Accordingly, depending on the dataflow, Tekmira could finally be transformed into an established biotech company.  If there are serious disappointments, Tekmira risks being delegated to being 'the Ebola company'.

Event 1 (October 10-11): Do GI-NET patients respond to TKM-PLK1?

The first upcoming data event is the phase IIa update for TKM-PLK1 in gastrointestinal neuroendocrine tumor (GI-NET) and adrenocortical carcinoma (ACC) patients.  This one can be considered a bonus event for Tekmira as barely anybody has been paying attention to the potential of this first-generation SNALP-based product candidate.

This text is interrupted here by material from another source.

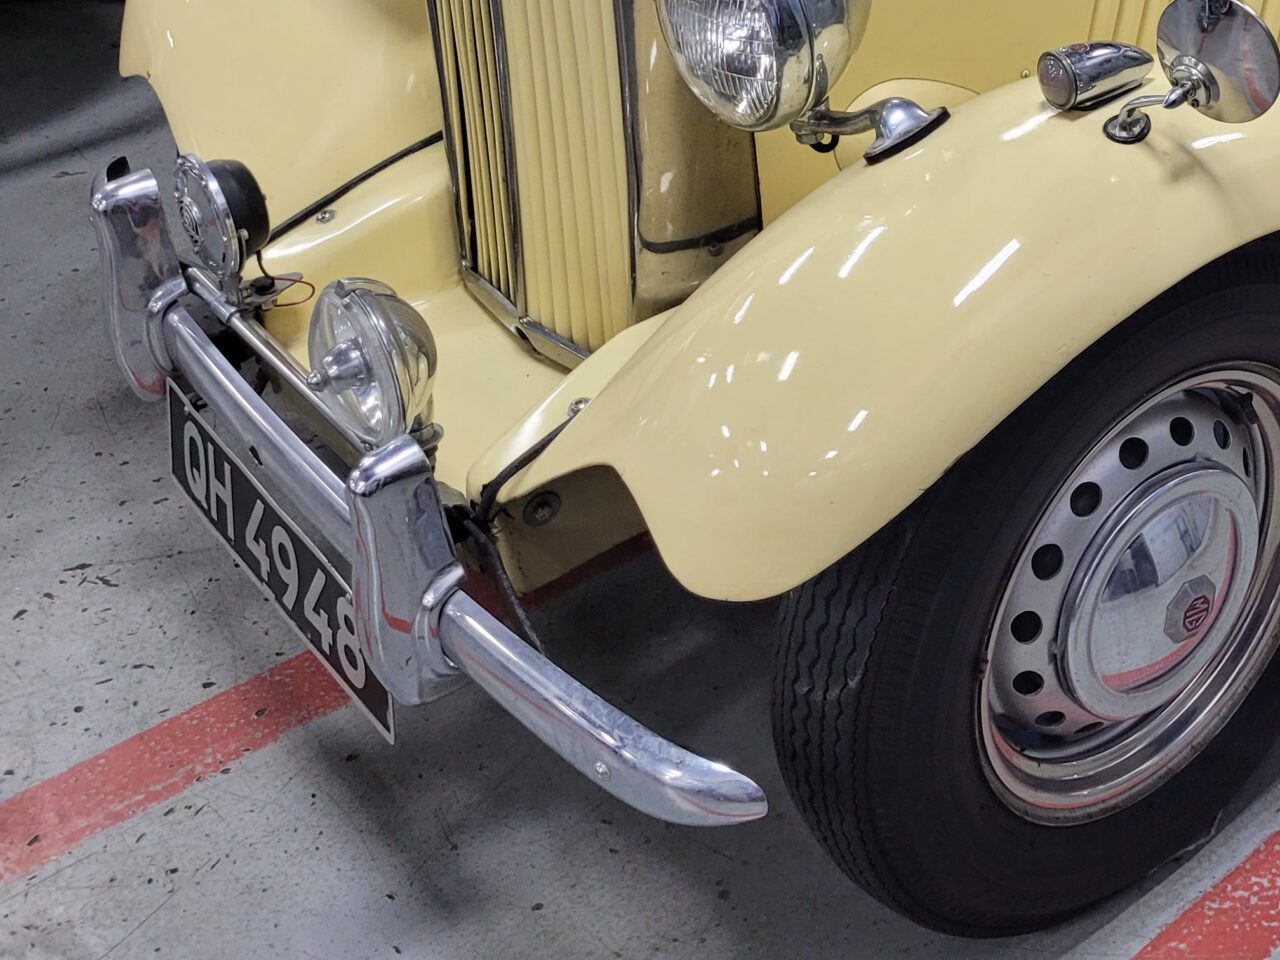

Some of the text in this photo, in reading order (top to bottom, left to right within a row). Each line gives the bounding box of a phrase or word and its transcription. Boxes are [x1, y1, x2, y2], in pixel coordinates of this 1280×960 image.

[183, 420, 367, 689] QH 4948
[1184, 598, 1208, 629] MG

Results from a  multi-dose escalating phase I study suggested a dose-dependent benefit with patients receiving 0.6mg/kg or more having an increased likelihood of showing ‘clinical benefit’ (stable disease or partial response) than those receiving less of the drug.  In particular, almost all (5/6) GI-NET and ACC patients in that trial with otherwise enrolled across a wide range of cancer types exhibited at least stable disease, with a partial response by RECIST and a 19.3% reduction in tumor size.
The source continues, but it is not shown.